Une entreprise court des risques financiers certains si elle est dépourvue d'assurance responsabilité du fait des produits telle que la contiennent la plupart des assurances responsabilité civile d'entreprise ou professionnelle en Suisse. Les médecins, les dentistes, les architectes, les ingénieurs et les avocats sont particulièrement exposés à des risques professionnels spéciaux, car, en règle générale, le produit de leur activité est étroitement lié aux personnes.
On constate un accroissement certain du nombre de plaintes contre des médecins et des dentistes accusés de n'avoir pas respecté les règles de leur art. Une erreur de construction de la part d'un architecte ou d'un ingénieur peut leur être fatale. Les avocats de leur côté peuvent provoquer des dégâts financiers considérables s'ils ne respectent pas un délai. C'est pourquoi les membres de ces catégories professionnelles concluent très souvent des assurances responsabilité civile professionnelle.

L'assurance en cas d'interruption de l'exploitation
Cette assurance couvre les conséquences financières d'une interruption de l'exploitation, généralement à la suite d'un incendie ou de dégâts dus à des forces naturelles, d'une effraction ou de l'arrêt d'une machine. L'indemnisation correspond à un montant convenu dans le contrat et couvre les frais fixes au minimum, mais la perte de bénéfice liée à l'interruption d'exploitation peut égale-ment être couverte. Par contre, les conséquences d'actes volontaires tels qu'une grève ou toute autre action délibérée qui provoque l'interruption de l'exploitation ne peuvent normalement pas être assurées.

L'assurance des véhicules à moteur
L'assurance responsabilité civile des véhicules à moteur est obligatoire et couvre les frais qui en-gagent la responsabilité du détenteur. Une assurance casco facultative couvre également les dommages matériels causés au véhicule. Il est recommandé à tout détenteur de véhicule de contracter au moins une assurance casco partielle. Celle-ci couvre en principe les dommages dus au feu, aux forces naturelles, au vol, au bris de glaces, ainsi que les collisions avec des animaux sur les routes ouvertes à la circulation.

L'assurance des véhicules à moteur comporte trois types d'assurances:

  • l'assurance responsabilité civile (obligatoire),
  • l'assurance casco et casco partielle (obligatoire pour les véhicules en leasing),
  • l'assurance des occupants (superflue depuis que assurance maladie est devenue obligatoire).
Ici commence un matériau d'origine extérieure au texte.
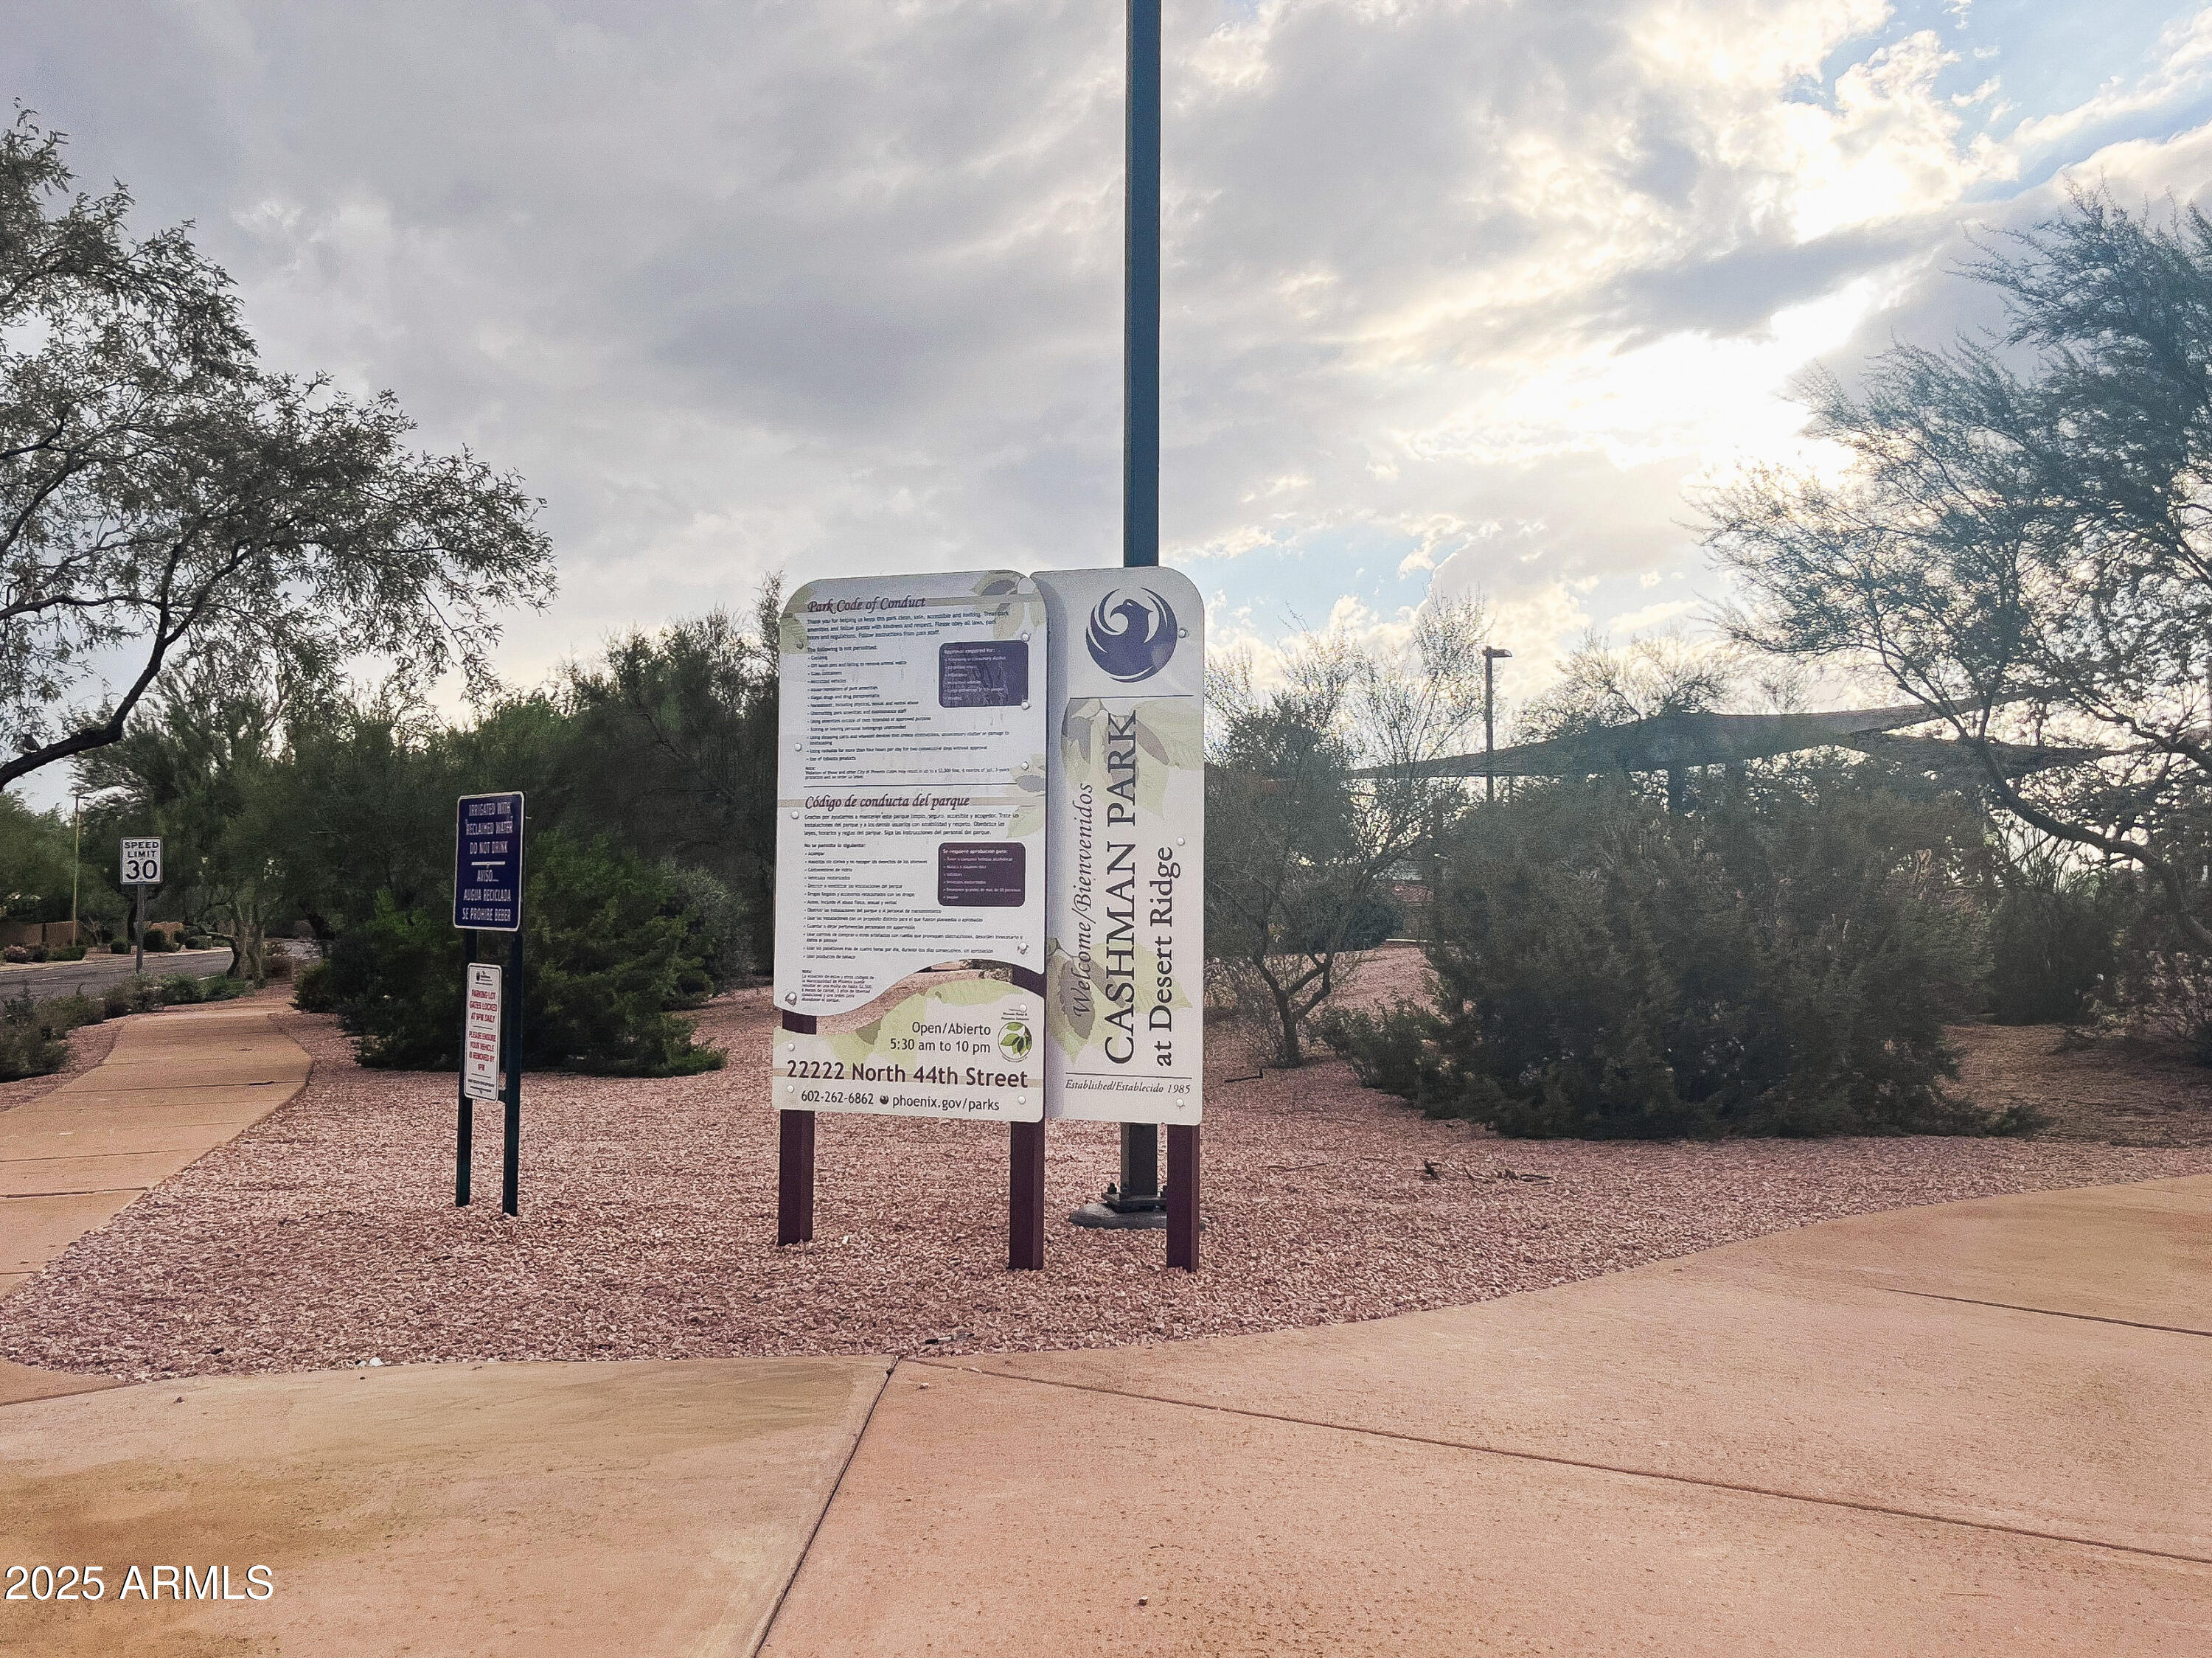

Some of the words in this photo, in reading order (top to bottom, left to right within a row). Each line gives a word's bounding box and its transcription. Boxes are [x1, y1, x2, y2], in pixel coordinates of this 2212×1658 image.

[807, 599, 836, 614] Park
[837, 597, 863, 612] Code
[866, 596, 880, 613] of
[880, 595, 926, 610] Conduct
[1107, 710, 1137, 827] PARK
[805, 795, 841, 811] Código
[844, 794, 858, 807] de
[860, 793, 909, 807] conducta
[912, 793, 931, 807] del
[930, 797, 970, 810] parque
[470, 843, 478, 854] DO
[480, 841, 490, 854] NOT
[492, 841, 508, 854] DRINK
[125, 860, 158, 879] 30
[1150, 846, 1181, 927] Ridge
[1071, 783, 1096, 1017] Welcome/Bienvenidos
[462, 908, 469, 920] SE
[1105, 840, 1136, 1065] CASHMAN
[1150, 936, 1173, 1032] Desert
[912, 1021, 991, 1036] Open/Abierto
[890, 1038, 915, 1051] 5:30
[918, 1041, 936, 1051] am
[939, 1040, 952, 1052] to
[956, 1040, 969, 1053] 10
[973, 1042, 991, 1056] pm
[1154, 1040, 1172, 1067] at
[787, 1060, 844, 1080] 22222
[852, 1062, 906, 1083] North
[914, 1065, 959, 1085] 44th
[966, 1067, 1028, 1088] Street
[1065, 1079, 1164, 1093] Established/Establecido
[1167, 1083, 1191, 1095] 1985
[801, 1090, 874, 1105] 602-262-6862
[892, 1094, 1000, 1111] phoenix.gov/parks
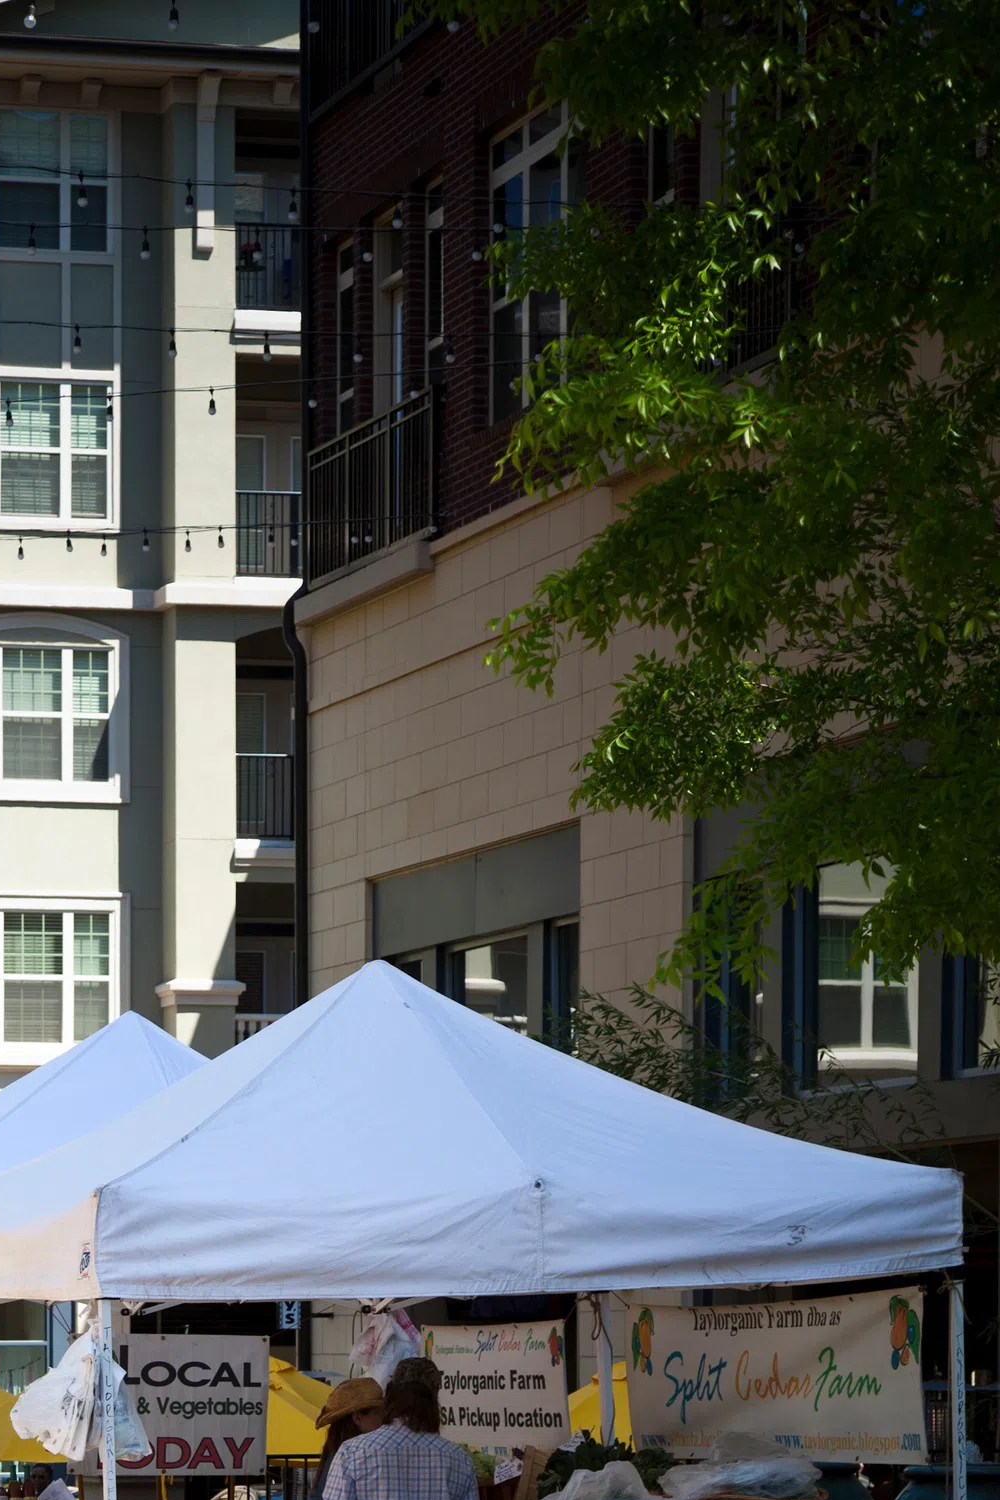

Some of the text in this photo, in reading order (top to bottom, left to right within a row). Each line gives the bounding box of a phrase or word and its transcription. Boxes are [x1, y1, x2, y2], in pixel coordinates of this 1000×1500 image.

[689, 1305, 842, 1336] Taylorganic Farm dba as
[474, 1329, 498, 1361] Split
[524, 1328, 546, 1356] Farm
[120, 1345, 261, 1388] LOCAL
[439, 1370, 546, 1395] Taylorganic Farm
[664, 1346, 882, 1425] Split Cedar Farm
[137, 1397, 263, 1419] & Vegetables
[440, 1406, 563, 1432] SA Pickup location
[97, 1437, 255, 1469] ODAY
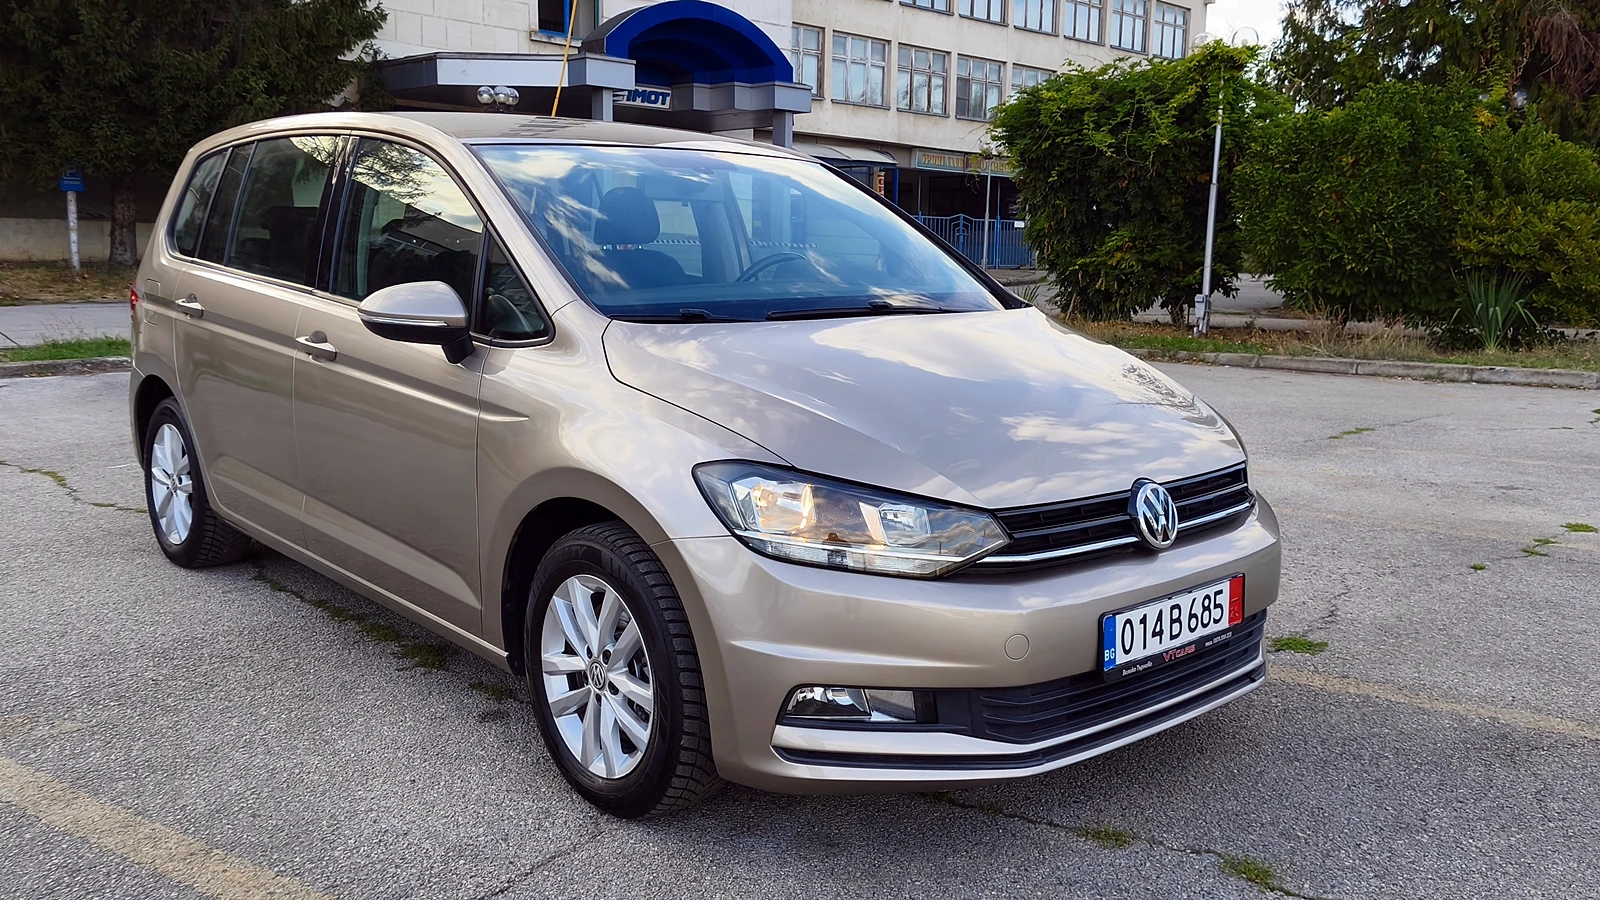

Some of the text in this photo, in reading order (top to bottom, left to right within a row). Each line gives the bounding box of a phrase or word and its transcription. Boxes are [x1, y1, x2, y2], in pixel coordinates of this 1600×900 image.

[921, 153, 964, 168] SPORT CLUB
[1104, 648, 1115, 661] BG
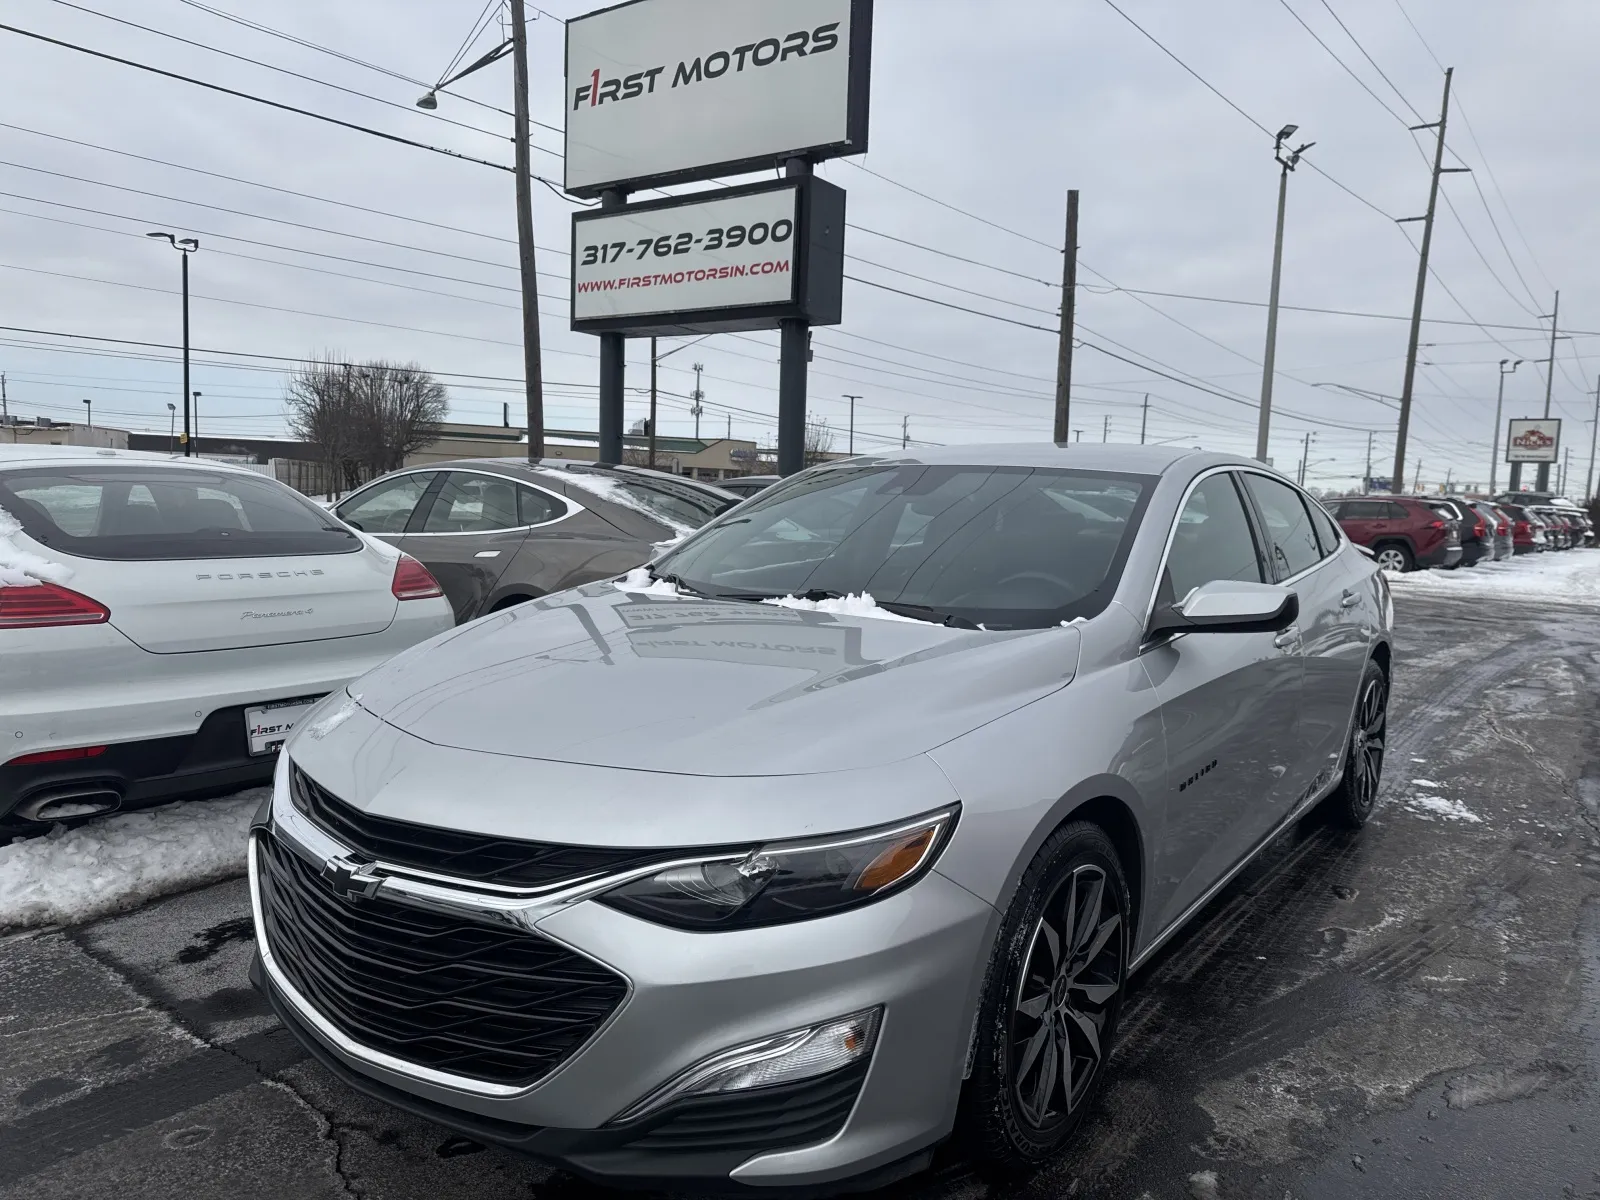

L'assurance responsabilité civile est obligatoire pour tous les véhicules en Suisse, y compris les bicyclettes. Le type d'assurance casco à recommander diffère selon les entreprises. Une assurance casco totale est généralement conclue pour les deux premières années. Quant à assurance accidents des occupants, elle ne se justifie plus depuis l'introduction de assurance maladie obligatoire (toute personne domiciliée en Suisse doit s'assurer contre la maladie et les accidents).

L'assurance choses
Cette assurance est nécessaire pour les objets qui sont fortement exposées à un risque. C'est l'assurance dont on peut se passer le plus facilement. La perte liée à un incendie, à des forces naturelles, à un vol ou à des dégâts d'eau peut être estimée et budgée en francs. Il en va tout autrement pour l'assurance d'interruption de l'exploitation qui, le plus souvent, est intégrée à l'assurance de choses (voir l'assurance en cas d'interruption de l'exploitation ainsi que les assurances responsabilité civile d'entreprise et professionnelle).